Stored items –

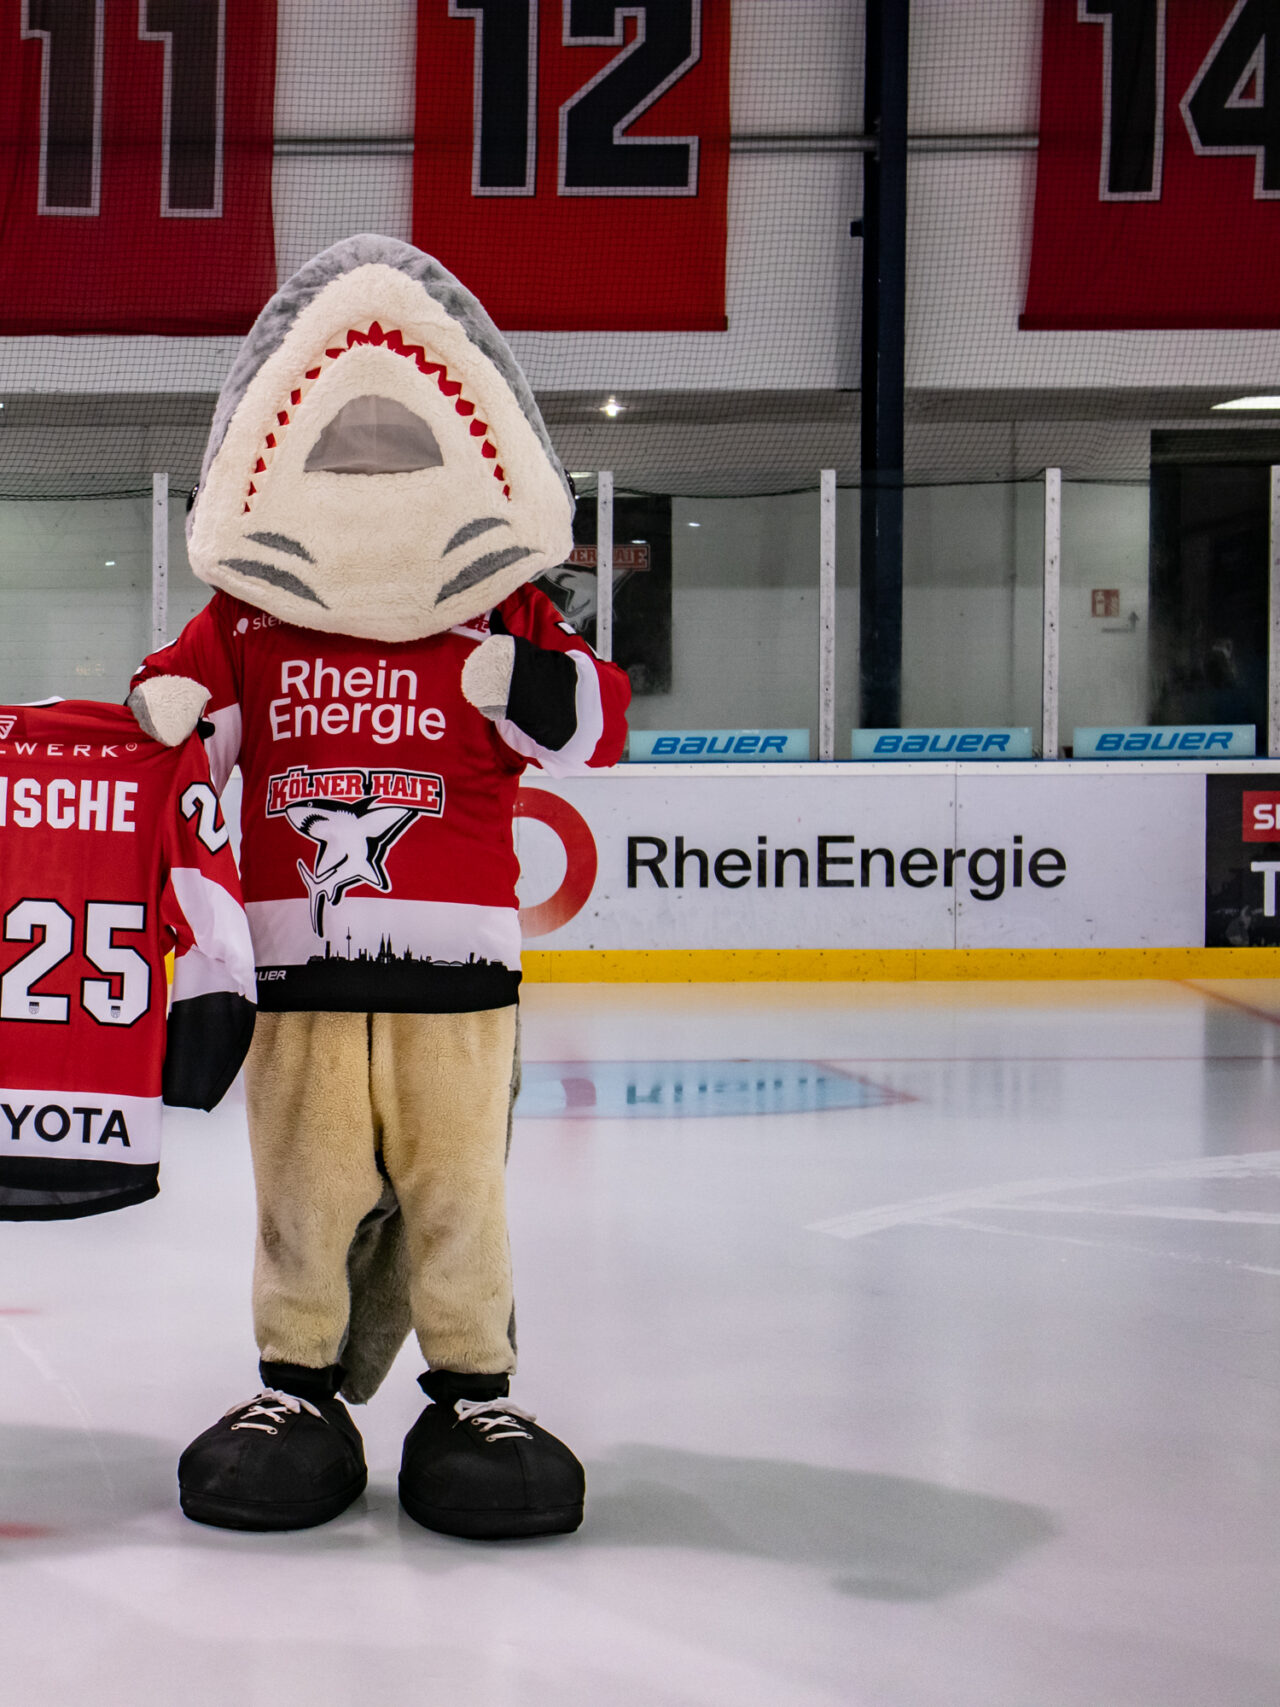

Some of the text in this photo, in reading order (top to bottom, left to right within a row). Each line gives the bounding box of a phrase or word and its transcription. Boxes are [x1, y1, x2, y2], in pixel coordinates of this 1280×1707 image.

[20, 0, 225, 217] 11
[448, 0, 700, 197] 12
[1077, 0, 1280, 201] 14
[281, 658, 418, 700] Rhein
[269, 697, 447, 745] Energie
[1095, 732, 1234, 751] BAUER
[651, 736, 788, 755] BAUER
[873, 734, 1011, 753] BAUER
[269, 771, 440, 812] KÖLNER HAIE
[1253, 804, 1280, 830] S
[626, 835, 1067, 900] RheinEnergie
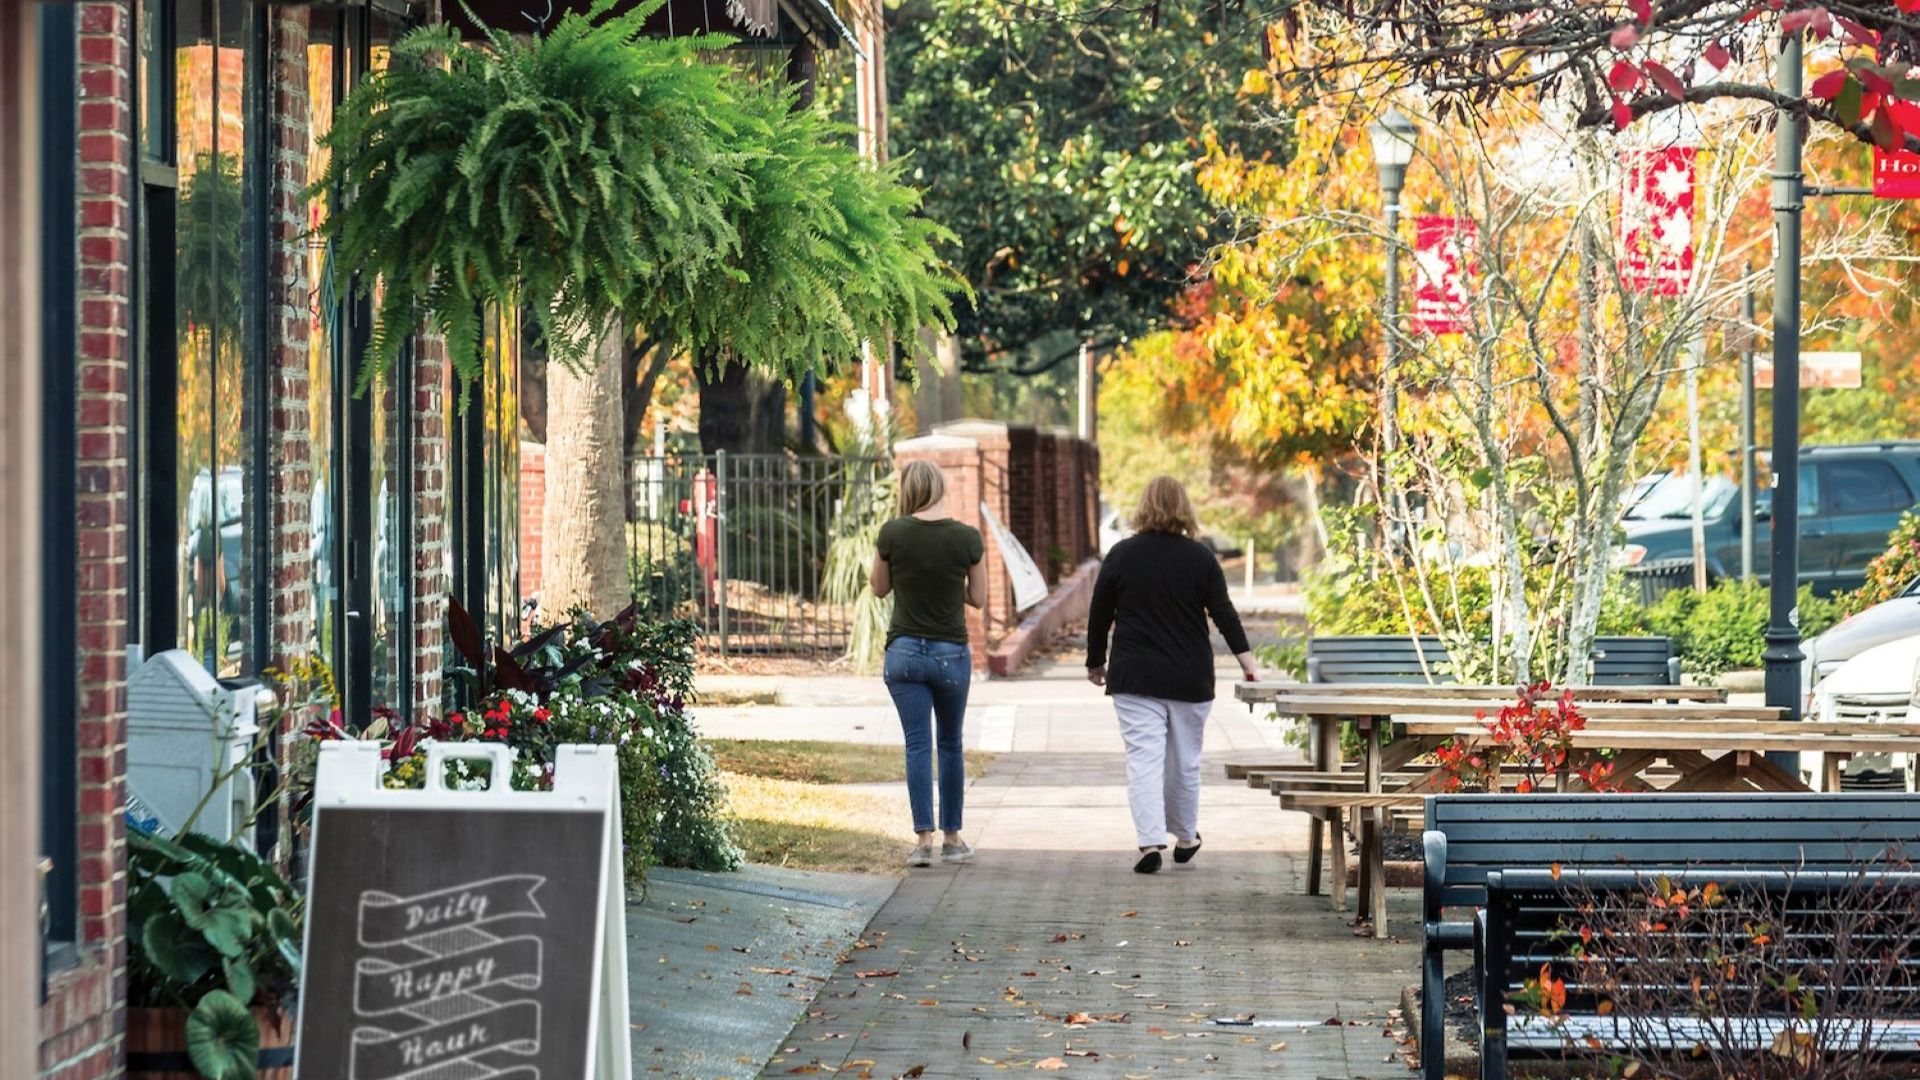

Assignment –
An exact copy of all the entries is required, and it must contain no pictures.

Written response –
Some of the text in this photo, in reading order (top to bottom, left to right within a row). Each line gives the bounding box of a phrase or word and its transcription. Boxes are [x1, y1, x2, y2], in pixel coordinates of this 1280×1707 image.

[20, 0, 225, 217] 11
[448, 0, 700, 197] 12
[1077, 0, 1280, 201] 14
[281, 658, 418, 700] Rhein
[269, 697, 447, 745] Energie
[1095, 732, 1234, 751] BAUER
[651, 736, 788, 755] BAUER
[873, 734, 1011, 753] BAUER
[269, 771, 440, 812] KÖLNER HAIE
[1253, 804, 1280, 830] S
[626, 835, 1067, 900] RheinEnergie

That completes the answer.